_What this task involves_.
All records are to be transcribed in full; any pictures among them are to be skipped.

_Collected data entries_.
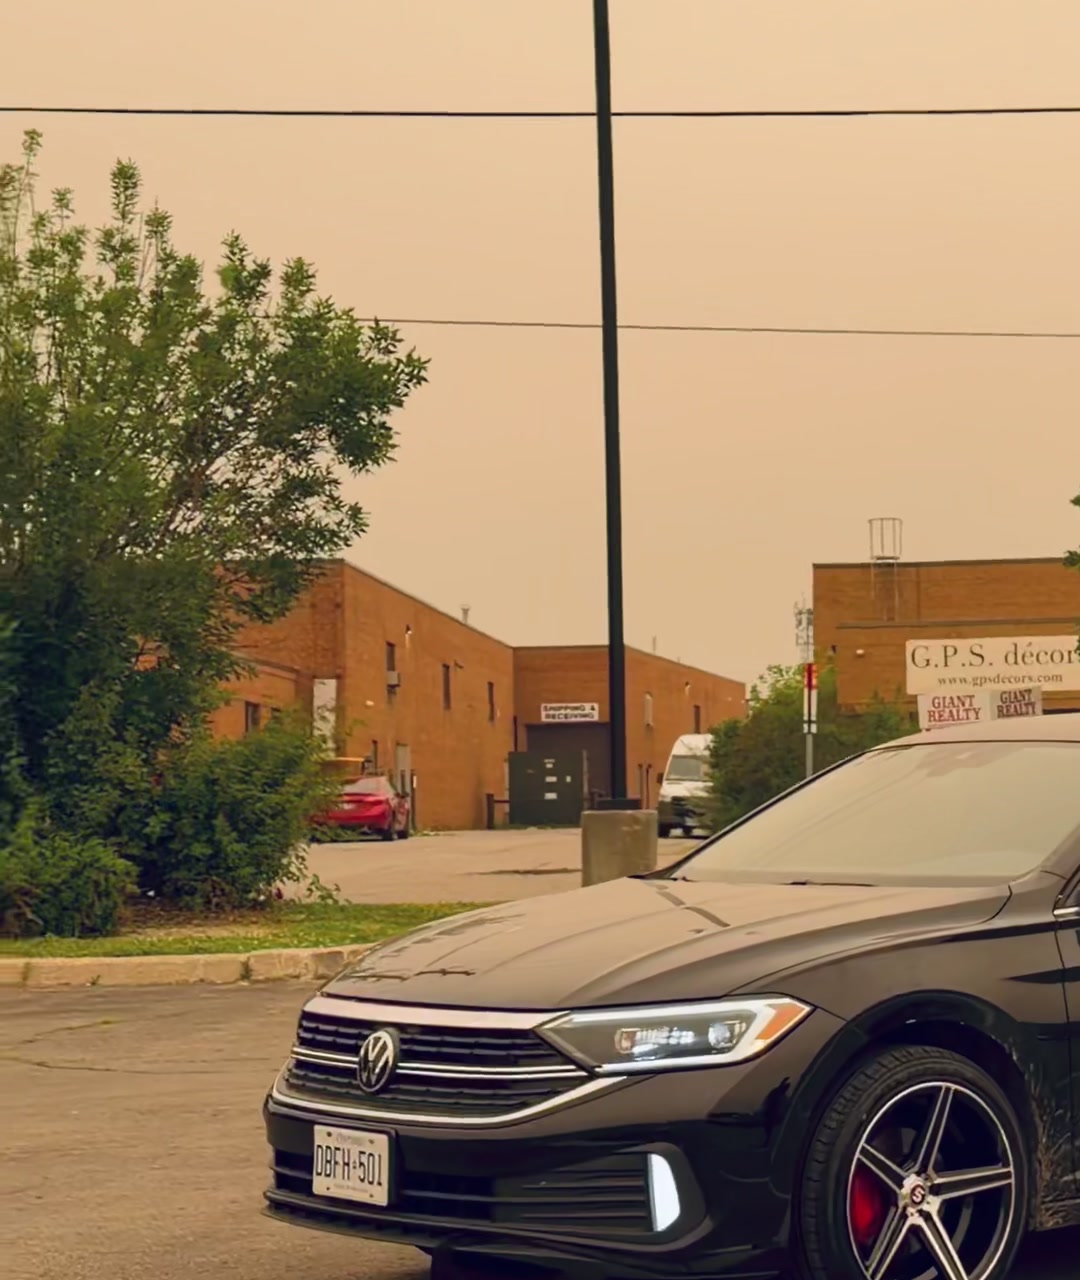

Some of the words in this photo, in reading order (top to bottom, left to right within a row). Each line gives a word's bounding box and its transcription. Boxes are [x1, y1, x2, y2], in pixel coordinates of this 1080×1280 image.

[911, 643, 993, 669] G.P.S.
[932, 695, 976, 709] GIANT
[1000, 689, 1033, 705] GIANT
[927, 707, 982, 722] REALTY
[997, 702, 1037, 719] REALTY

_Response area_.
Some of the words in this photo, in reading order (top to bottom, left to right within a row). Each line gives a word's bounding box and its transcription. Boxes are [x1, y1, x2, y2], in pixel coordinates of this 1080×1280 image.

[911, 643, 993, 669] G.P.S.
[932, 695, 976, 709] GIANT
[1000, 689, 1033, 705] GIANT
[927, 707, 982, 722] REALTY
[997, 702, 1037, 719] REALTY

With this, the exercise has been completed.